WORK REQUIRED
The entries that follow need to be printed exactly as they are, minus any pictures.

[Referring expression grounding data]
::::::::
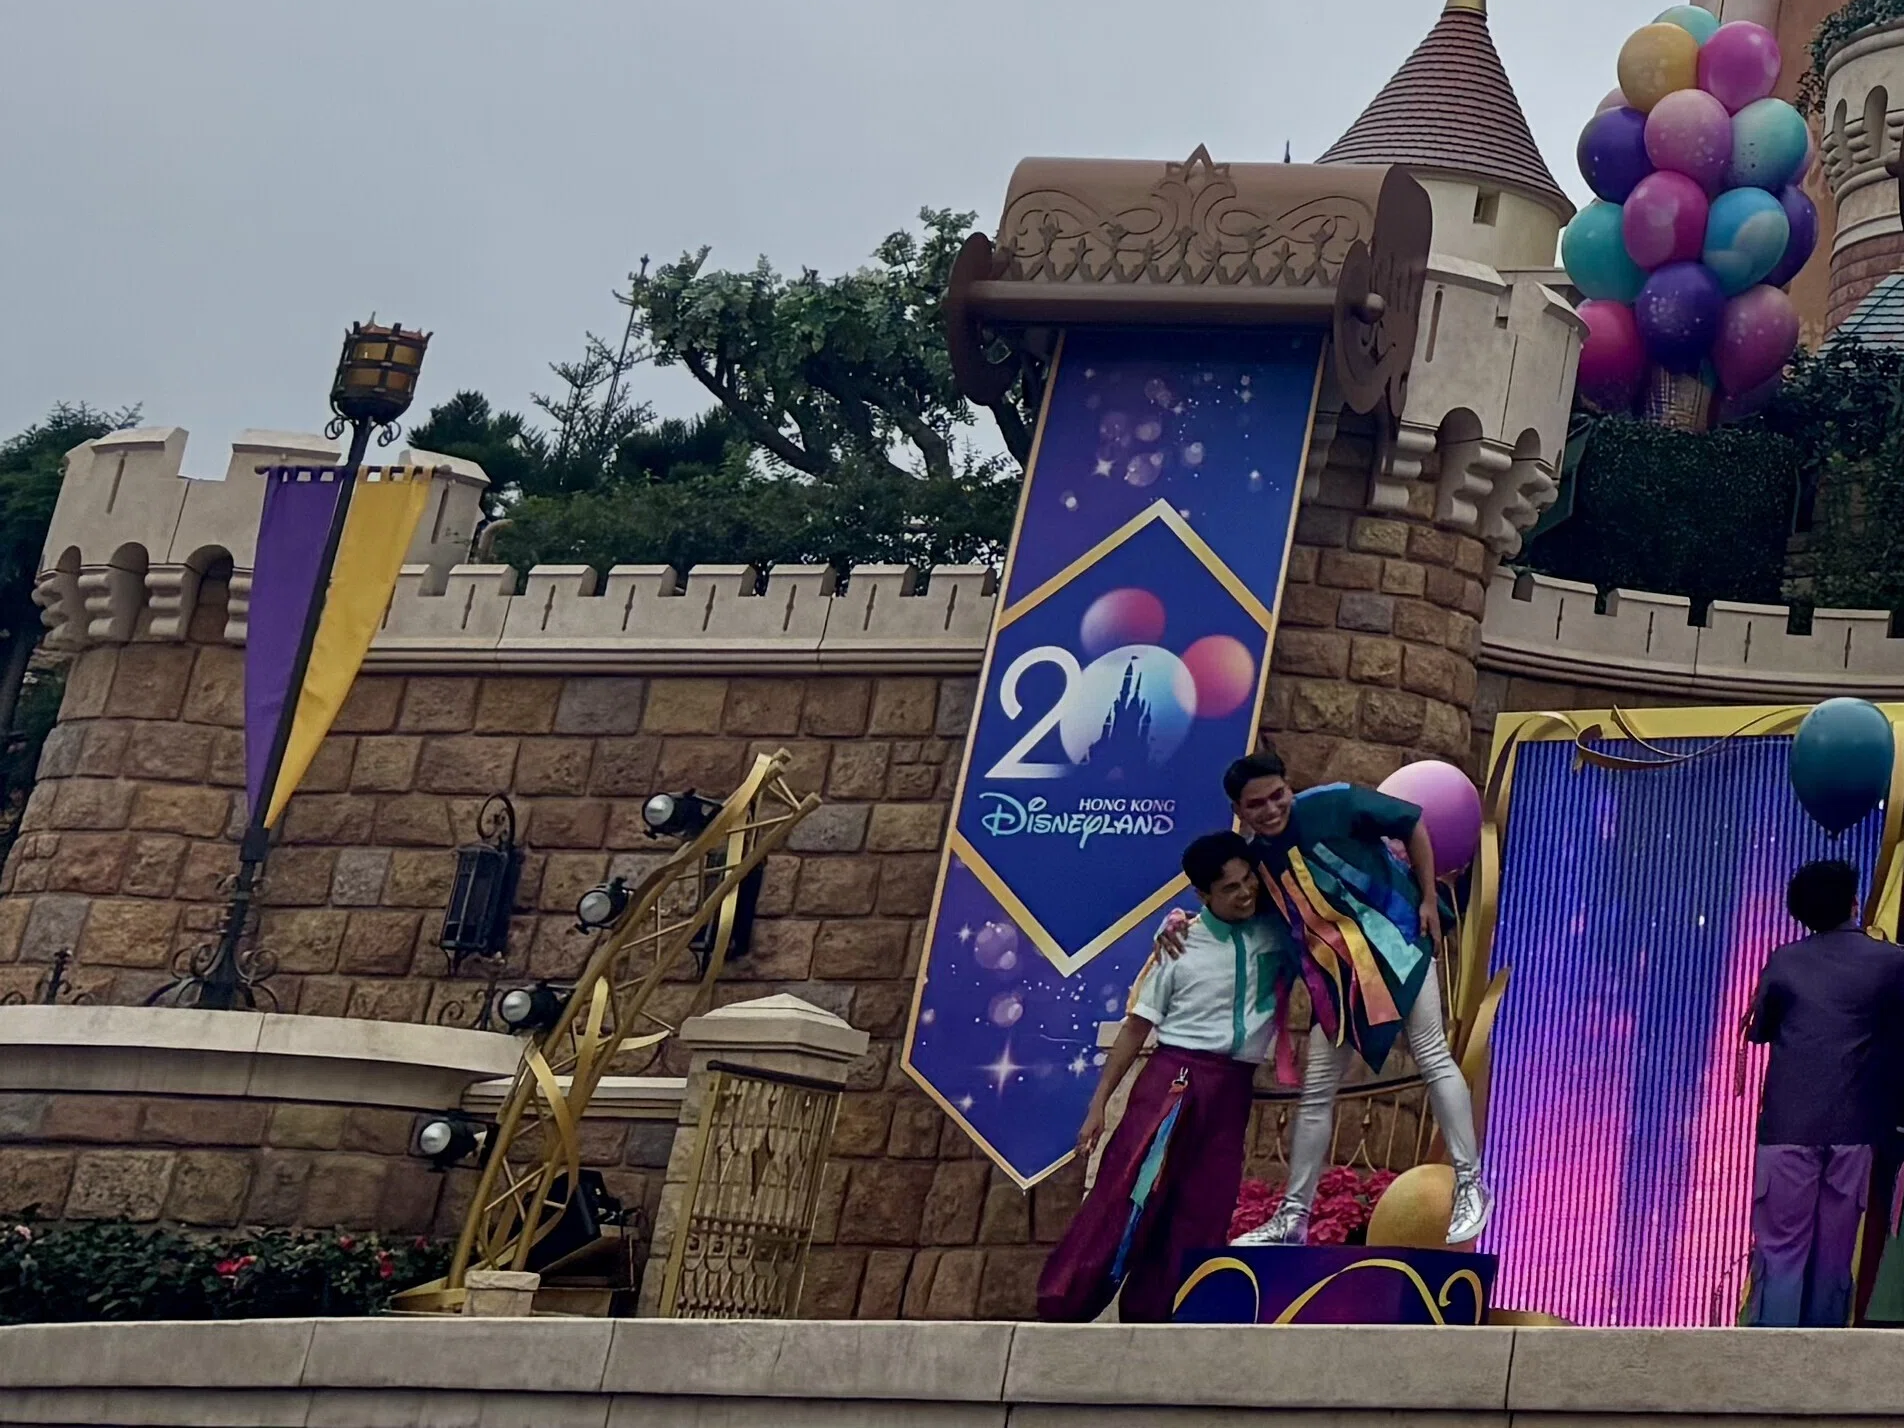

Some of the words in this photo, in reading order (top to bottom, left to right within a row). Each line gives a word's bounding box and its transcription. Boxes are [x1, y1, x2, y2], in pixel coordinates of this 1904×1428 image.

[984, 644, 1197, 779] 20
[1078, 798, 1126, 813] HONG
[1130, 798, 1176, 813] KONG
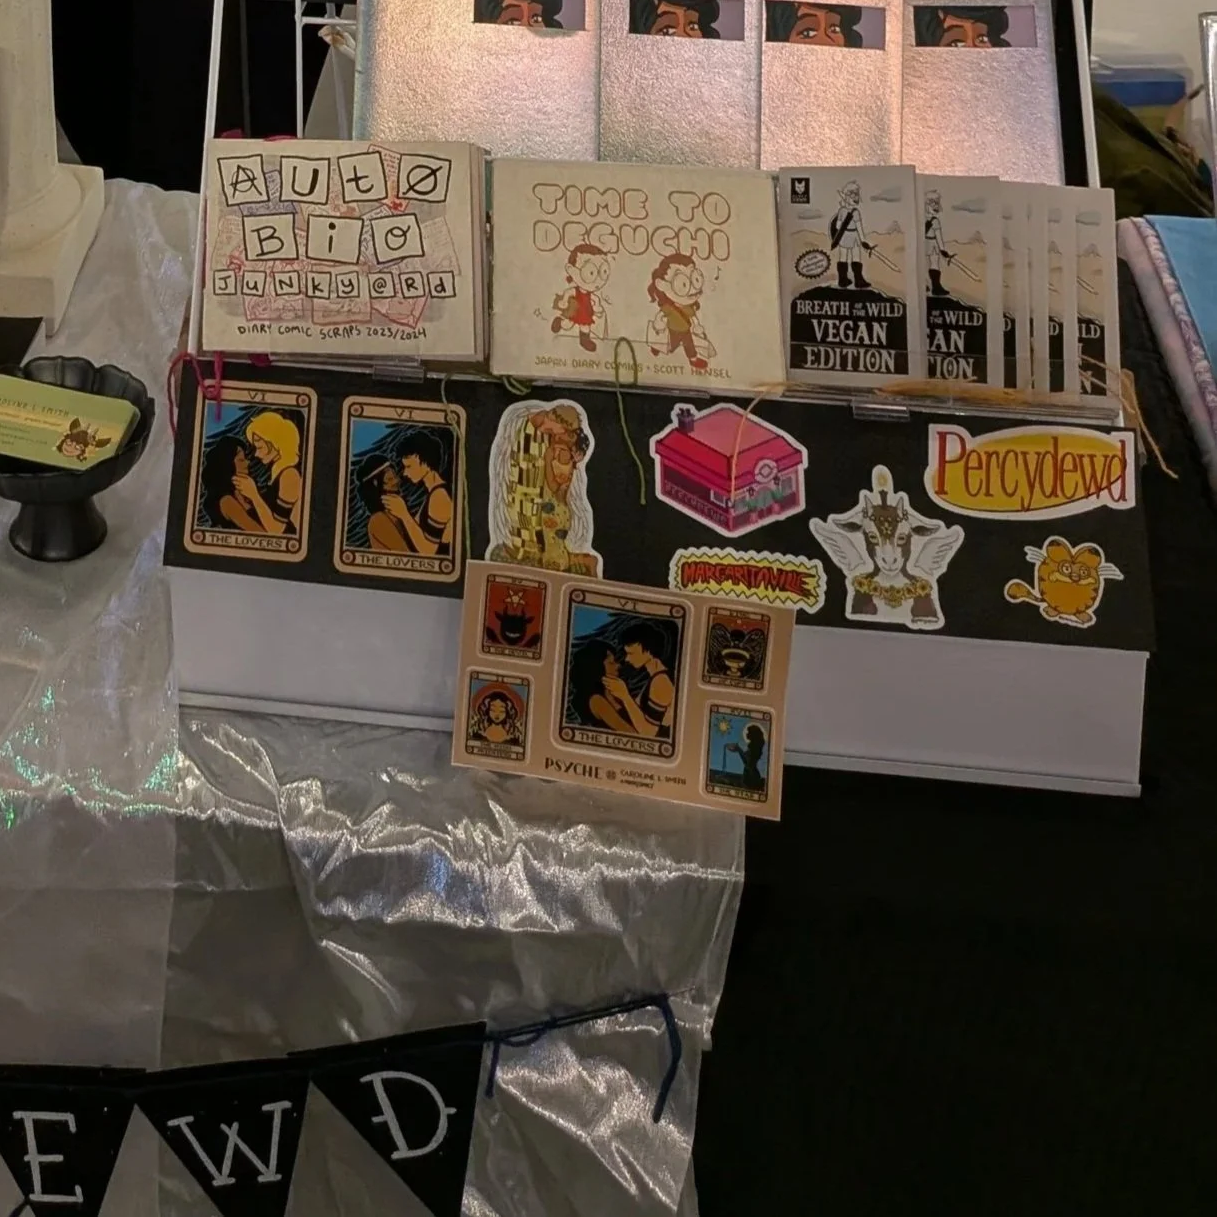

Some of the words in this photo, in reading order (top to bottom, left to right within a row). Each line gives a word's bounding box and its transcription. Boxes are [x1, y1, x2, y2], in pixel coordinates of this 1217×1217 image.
::::::::
TASK RESULT
Some of the words in this photo, in reading order (top to bottom, left to right within a row). Each line gives a word's bounding box and its transcription. Boxes are [x1, y1, x2, y2], in pixel coordinates of this 1904×1428 image.

[984, 644, 1197, 779] 20
[1078, 798, 1126, 813] HONG
[1130, 798, 1176, 813] KONG

Some of the words in this photo, in reading order (top to bottom, left to right within a row). Each line gives a word's bounding box and its transcription. Boxes are [x1, y1, x2, y2], in pixel coordinates of this 1217×1217 image.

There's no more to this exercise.